I'd already started laying a bit of groundwork for my own studio, and I'd planned on doing it all by myself, but I began to discover that there's a severe limitation on what I can do on my own. I have a finite amount of time and energy, and these past few weeks have been so insanely busy that I'm barely surviving. It reminds me of times in the past when I was working so hard I literally made myself sick, and I know I can't go back to that. To really get my own thing going, I'd have to go back to working constantly, taking awful care of my health and sanity, and being a shitty friend, and I can't hang with that. The sacrifice is far too huge.

Right around the time I was starting to arrive at that realization, [livejournal.com profile] theamazingjosh threw an offer on the table: he and Melissa were looking for a new partner, someone who'd throw themselves full-force into the business, who'd be a prominent, distinct, and unique member of the team, who'd bring new energy and ideas into the fold. We talked a lot about it, about where we wanted to go, and found that we want the same things, have a lot of ideas, and a lot of desire to make things happen. And they're not asking me for anything crazy like quitting The Job tomorrow, or signing all of my work away to them, or becoming part of some monolithic brand that masks all of the individuals behind it.
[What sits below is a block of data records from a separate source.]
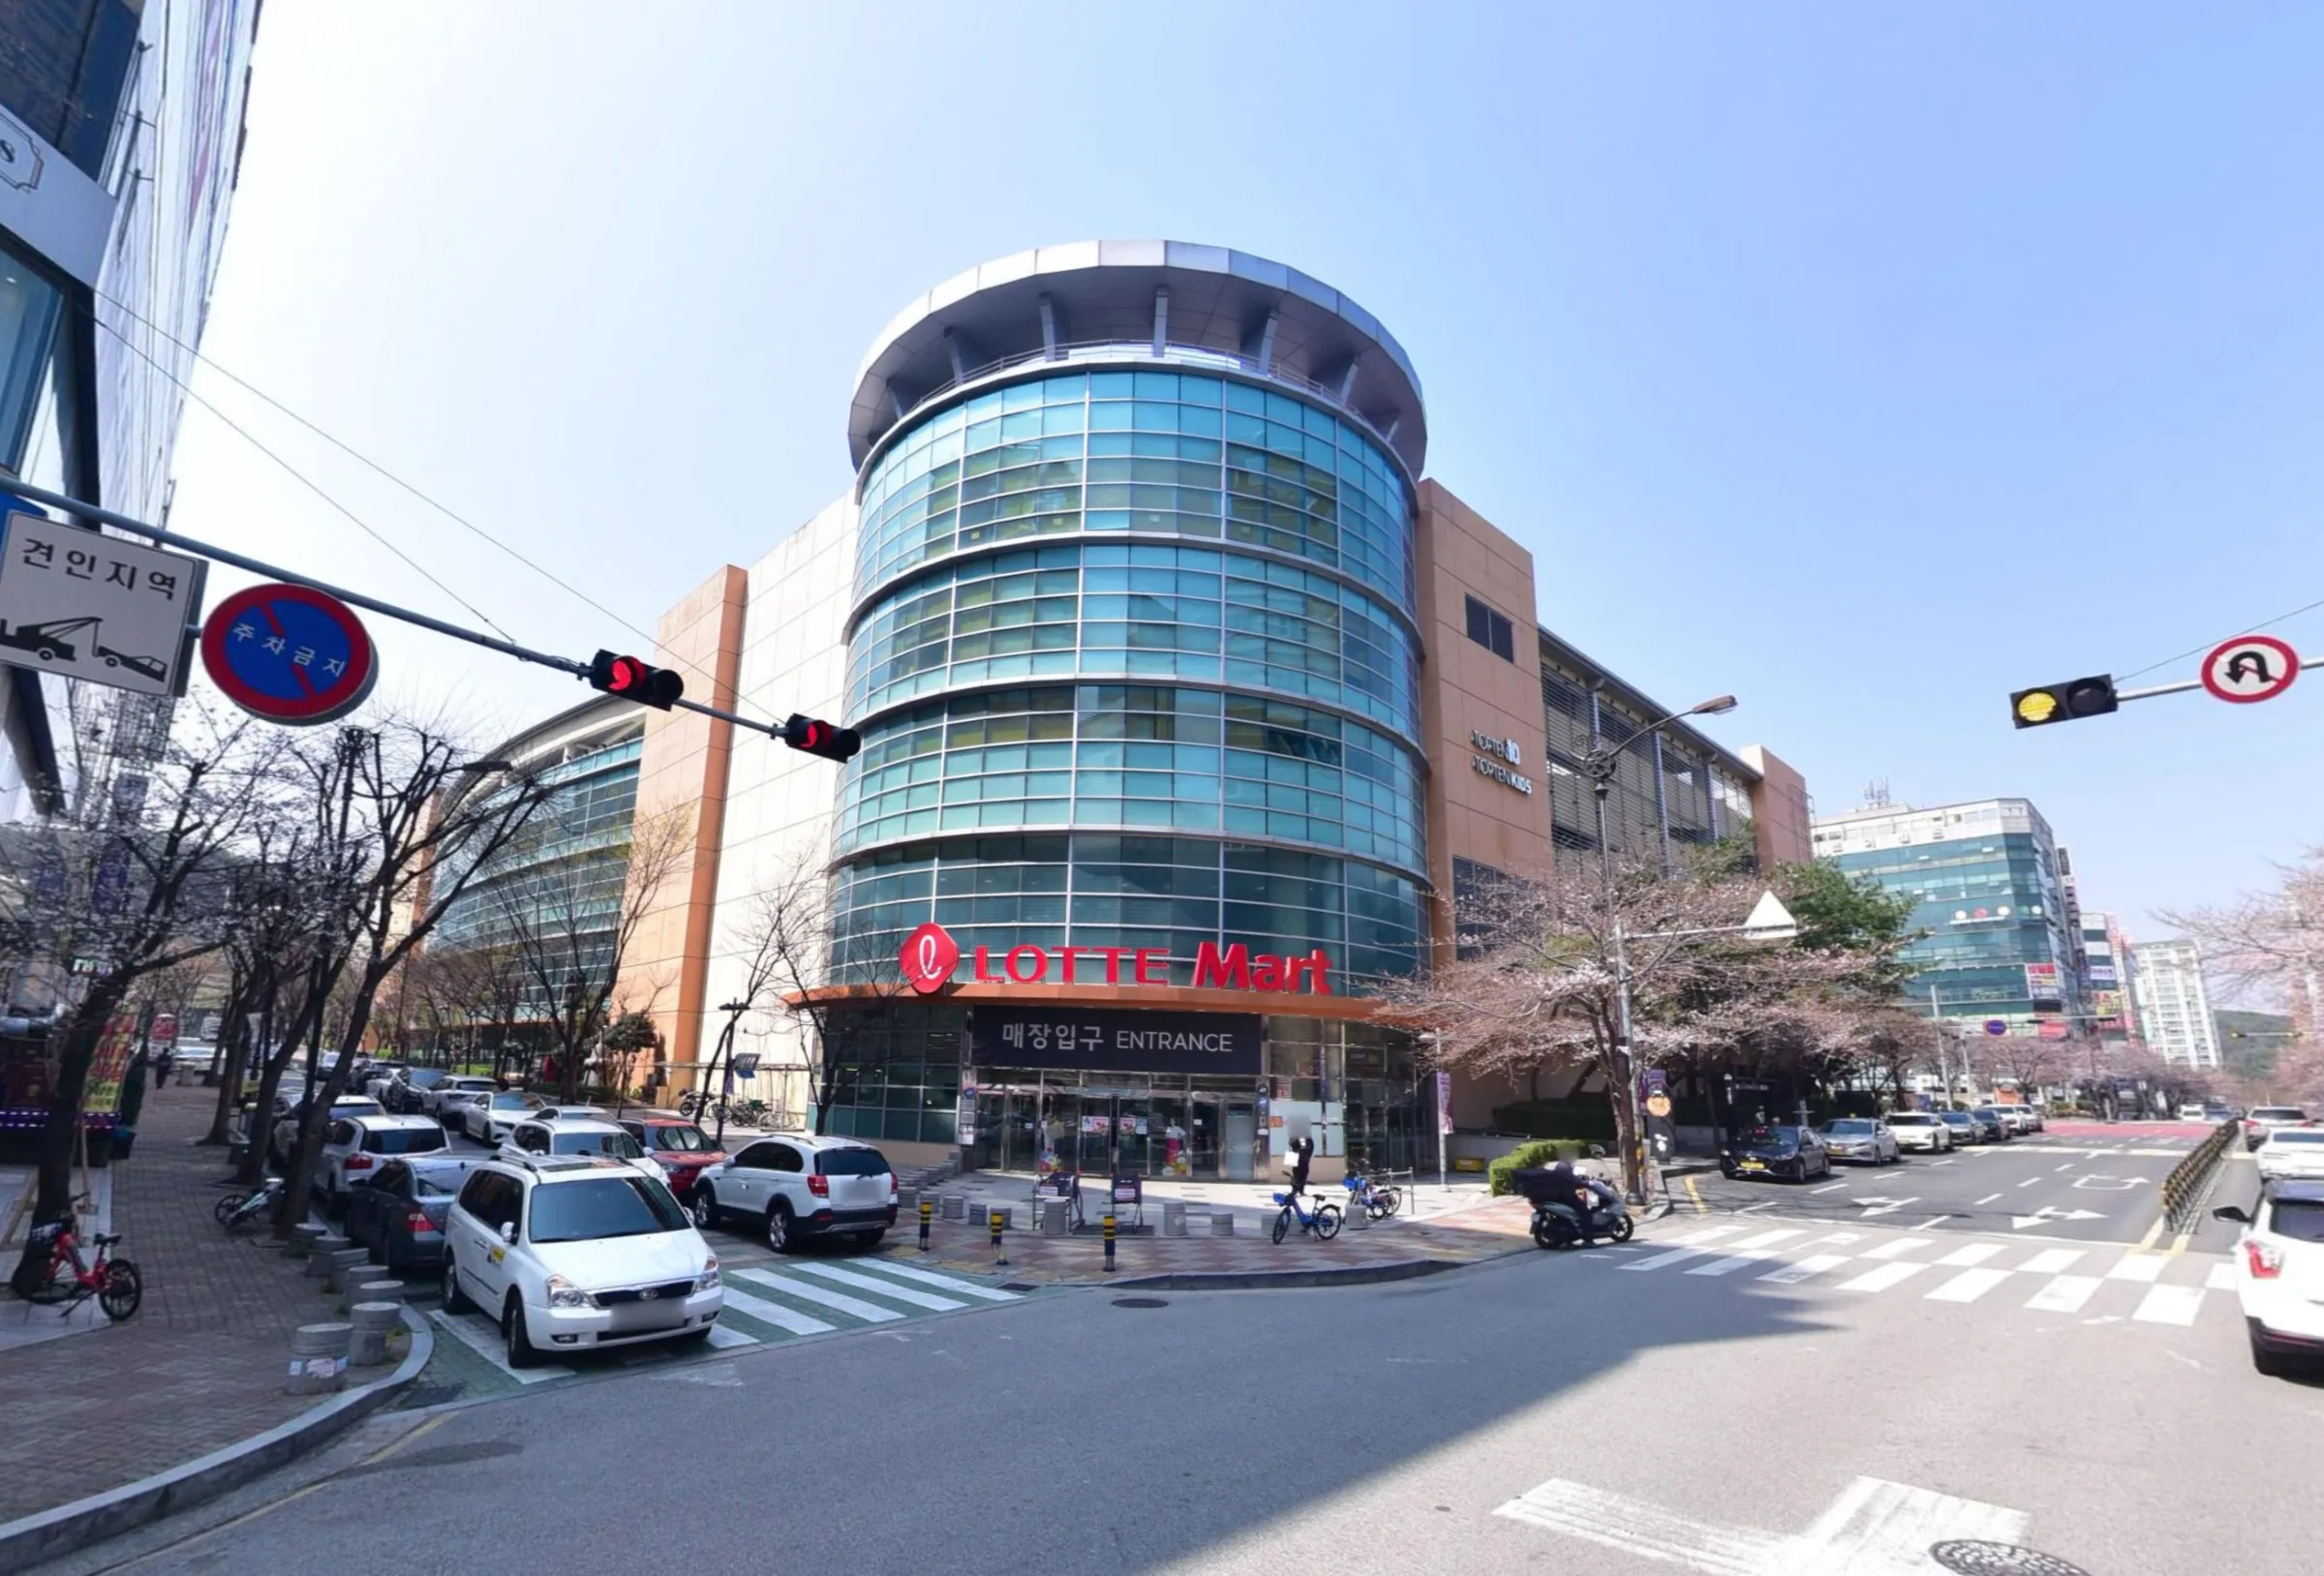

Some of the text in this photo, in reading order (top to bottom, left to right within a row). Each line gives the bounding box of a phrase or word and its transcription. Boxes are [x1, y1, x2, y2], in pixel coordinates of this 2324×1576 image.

[22, 537, 177, 602] 견인지역
[232, 622, 346, 678] 주차금지
[975, 944, 1171, 986] LOTTE
[1193, 941, 1333, 996] Mart
[1002, 1022, 1234, 1053] 매장입구 ENTRANCE
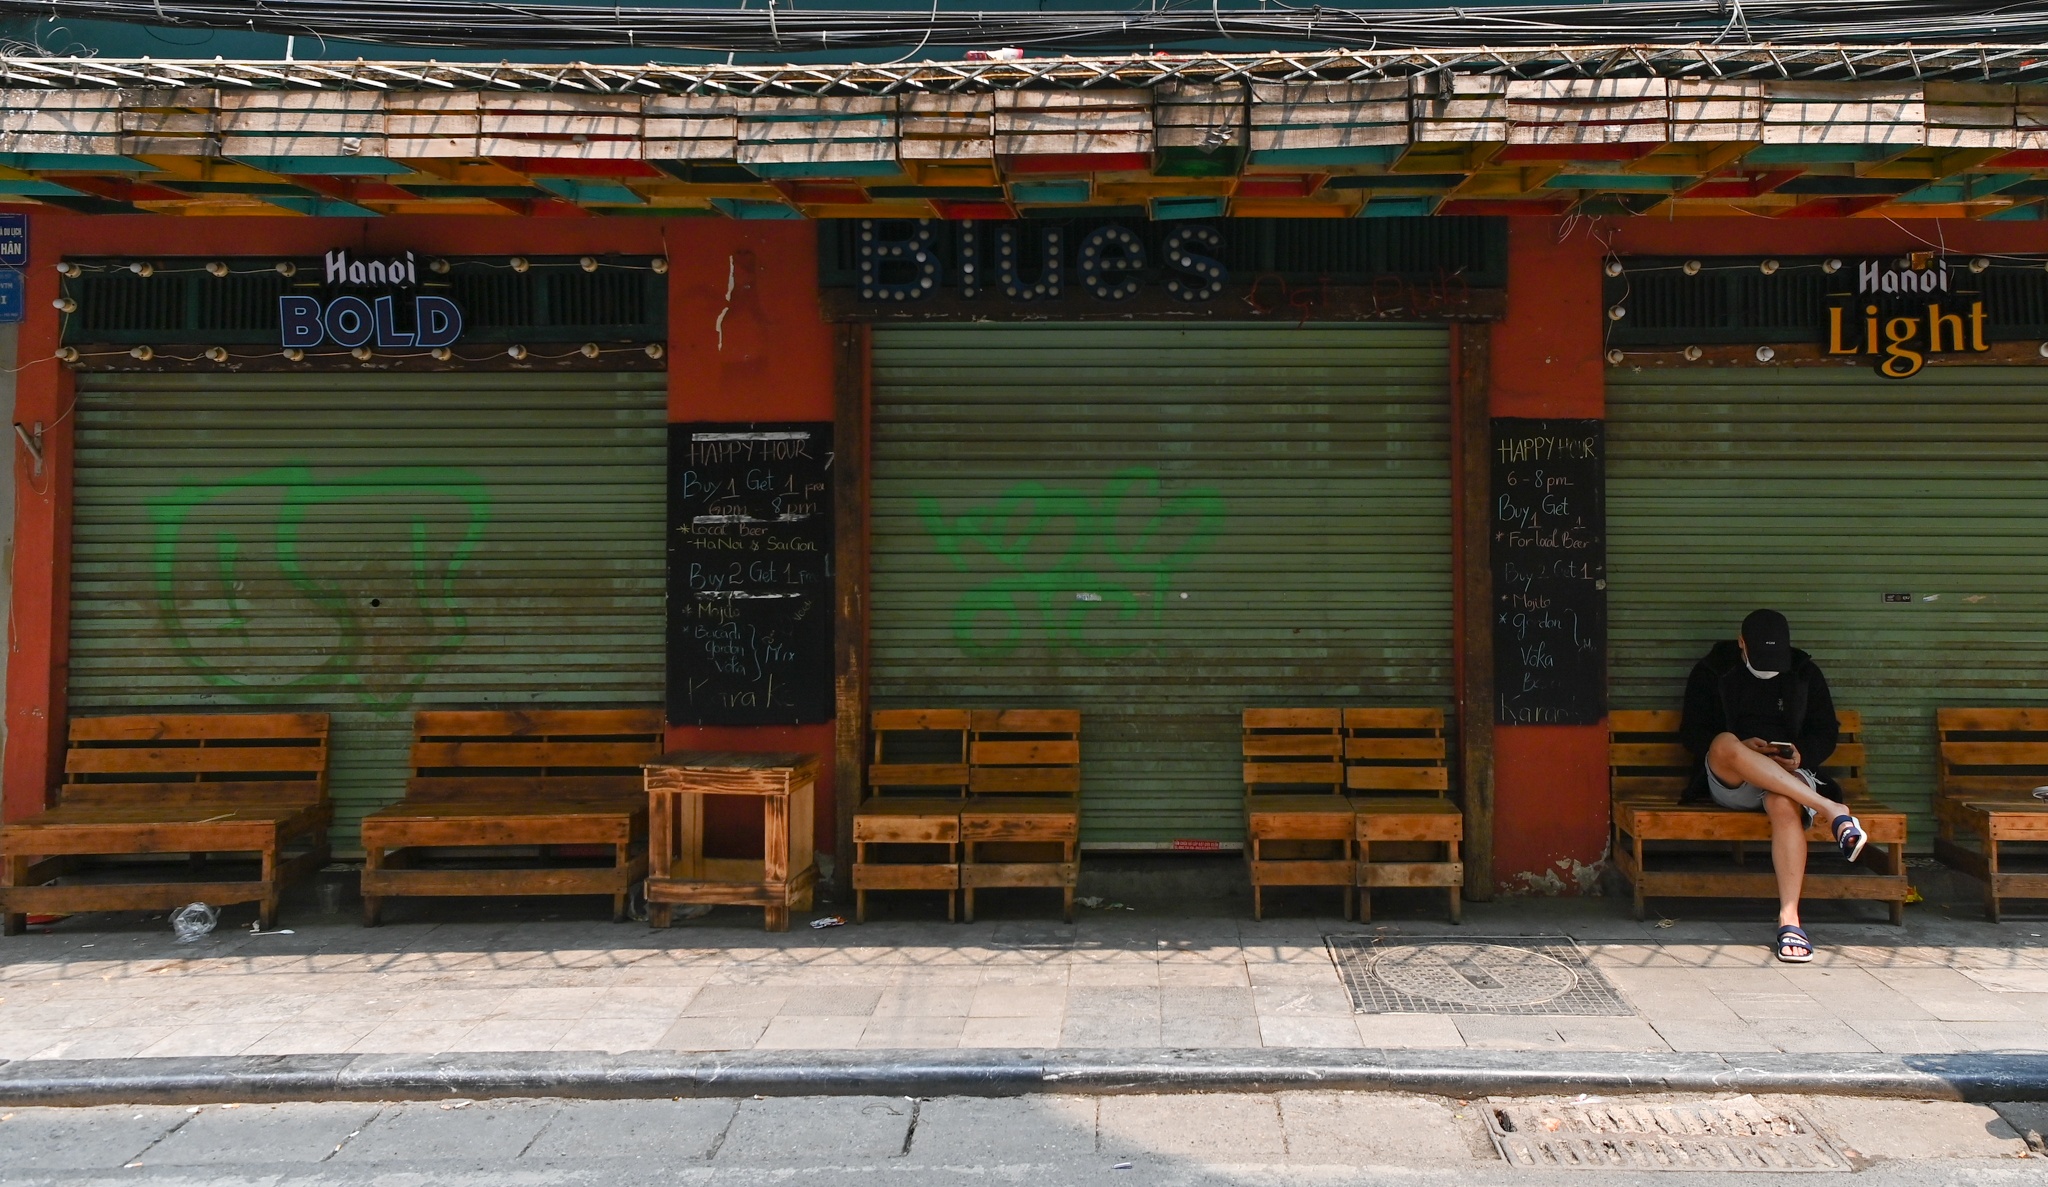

So, long story short, I decided to throw in with them, and once that started to sink in, I already felt less overwhelmed and more optimistic. And, after our work session a couple nights ago, I'm feeling even more confident about this choice than ever. Being in the right place at the right time can sometimes make or break you, so I hope this is the Make, for all of us.

At the outset, my portrait and wedding work will be offered through my new partnership, and I'll keep doing the fashion and promotional work under my own label. We're throwing the majority of our energy into gearing up the senior portrait business right now, but I'm figuring we'll set up some kind of fashion/promo division at a later date, once the time becomes available for it.

I'm genuinely excited for the first time in a long time. This will be good. :)
I currently have too many things that stress me out, and not enough things that are helping me balance out the stress. One part of me wants to do even more and better things, but another part wants to quit everything and run away to Alaska. Pretty much a sure sign that I'm off-balance. ;p

The S.O. can sometimes be really oblivious and/or insensitive about such things, too, so that means I get to flail around trying to make myself feel better, rather than having any real help with smashing the stress. Not so great when you're the type of person who needs the occasional kindly reminder that it's okay to slow down for a minute. Yay.

On the plus side, I do feel rather good about how my training is going. I'm not seeing major improvements yet, but I'm starting to notice subtle ones, every once in a while. And, more importantly, I'm sticking to it, so I might actually be able to keep this up over the long term.

Now, if I can just scale back the stress levels, I think all of the training stuff will go tons better. Sadly, I don't think that's going to happen until at least July 4th (Uberproject launch date) or possibly not even until the end of summer. The most obvious choice would be to take a break from photoshoots, butbutbut... I have ideas that need to be released! Wah.

I also finally got off my butt (figuratively) and uploaded a couple of photos to iStock yesterday. I love the shots I submitted, so I hope they get approved soon so I can start raking in the buck$. (hur hur hur) The iStock process does remind me of how annoying keywording is, though. It's pretty vital to getting downloads, but I'm not exactly clued in yet about how to keyword my photos well.

Sorry I'm boring lately, but my craptastic mood doesn't lend itself well to fun and exciting postings. ;p
I'm not sure why I went with that subject line, because you can't really *see* the awesome, but oh well.

Saturday was one of those non-stop kinds of days; dropped Ben off in the morning, so he could ride down to shoot a Eugene wedding with a backup shooter, and I hurried over right after to do a shoot. After that, it was homeward to pack up my gear and change, doing some touch-up painting on the studio walls, and THEN, I was off to West Linn to shoot *another* wedding myself. In short? Many awesome photos happened on Saturday. W00t!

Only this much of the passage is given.